Булганин сказал, что согласен со мной, и мы стали обсуждать, как будем действовать.
Я предложил поговорить с Маленковым. Мне казалось, что он такого же мнения и должен все понимать. Надо было что-то делать, потому что иначе для партии была бы катастрофа. Стране грозил возврат к тридцать седьмому году, а может быть, даже еще хуже.

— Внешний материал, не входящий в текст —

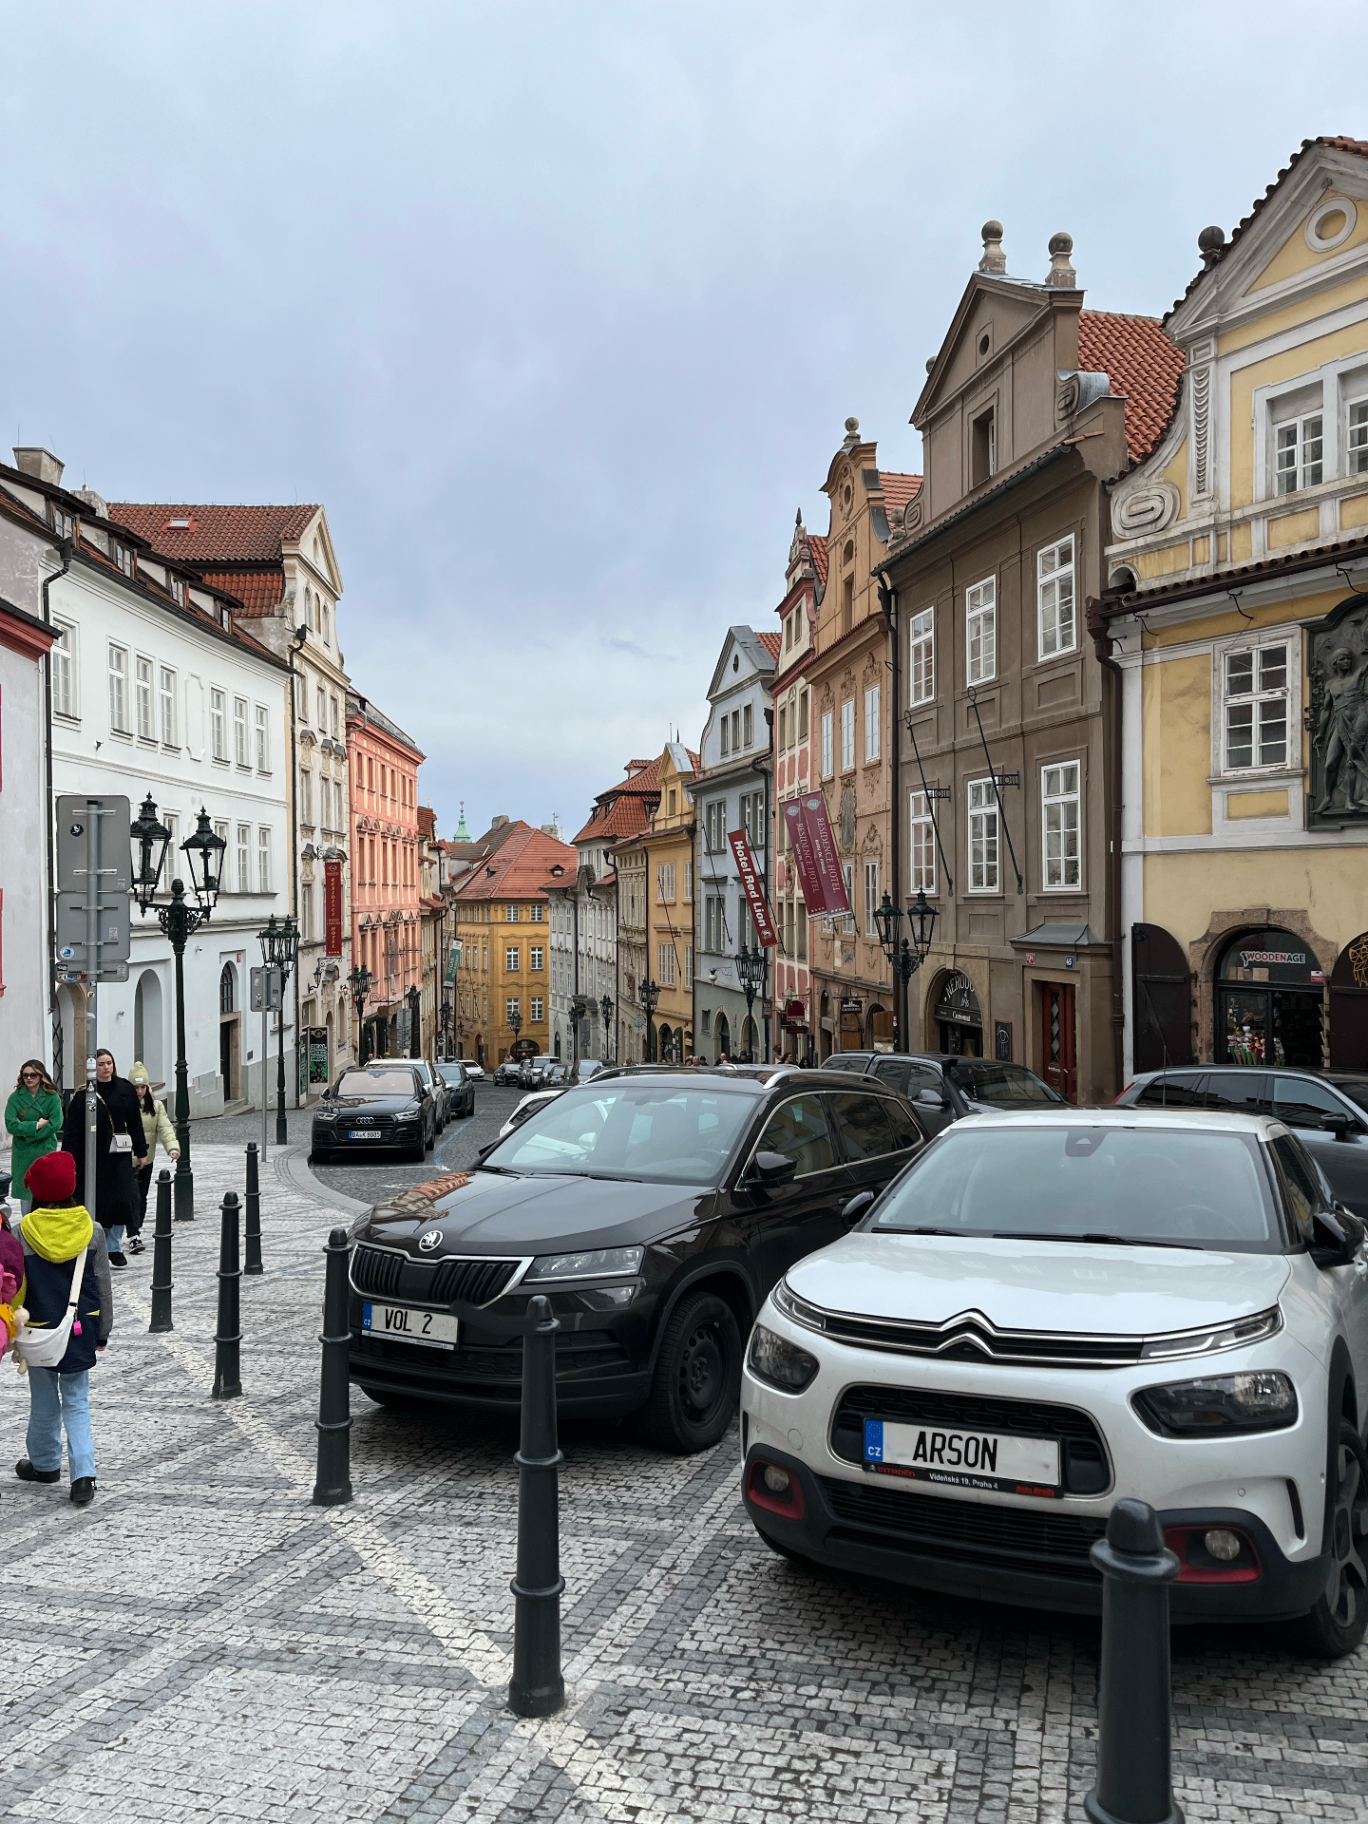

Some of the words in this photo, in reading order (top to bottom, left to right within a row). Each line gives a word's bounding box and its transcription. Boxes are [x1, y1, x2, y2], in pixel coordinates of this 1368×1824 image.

Коммунистом я Берию уже не считал. Этот человек пролез в партию. У меня в сознании звучали слова Гриши Каминского[6], который говорил, что Берия был агентом английской разведки, что этот волк в овечьей шкуре пробрался в партию, втерся в доверие к Сталину и занял такое высокое положение.
К тому времени я уже видел, что Сталин тяготился им. Мне казалось, что были периоды, когда Сталин боялся Берии. На такие мысли наталкивал один инцидент. Как-то мы сидели у Сталина, и вдруг Сталин посмотрел на Берию и говорит:
— Почему сейчас окружение у меня оказалось все грузинское? Откуда оно взялось?
Берия говорит:
— Это верные Вам, преданные люди.
— Почему грузины мне верны и преданны, а русские, что — не преданны и не верны, что ли? Убрать!
И этих людей сразу убрали. Берия ходил как побитый.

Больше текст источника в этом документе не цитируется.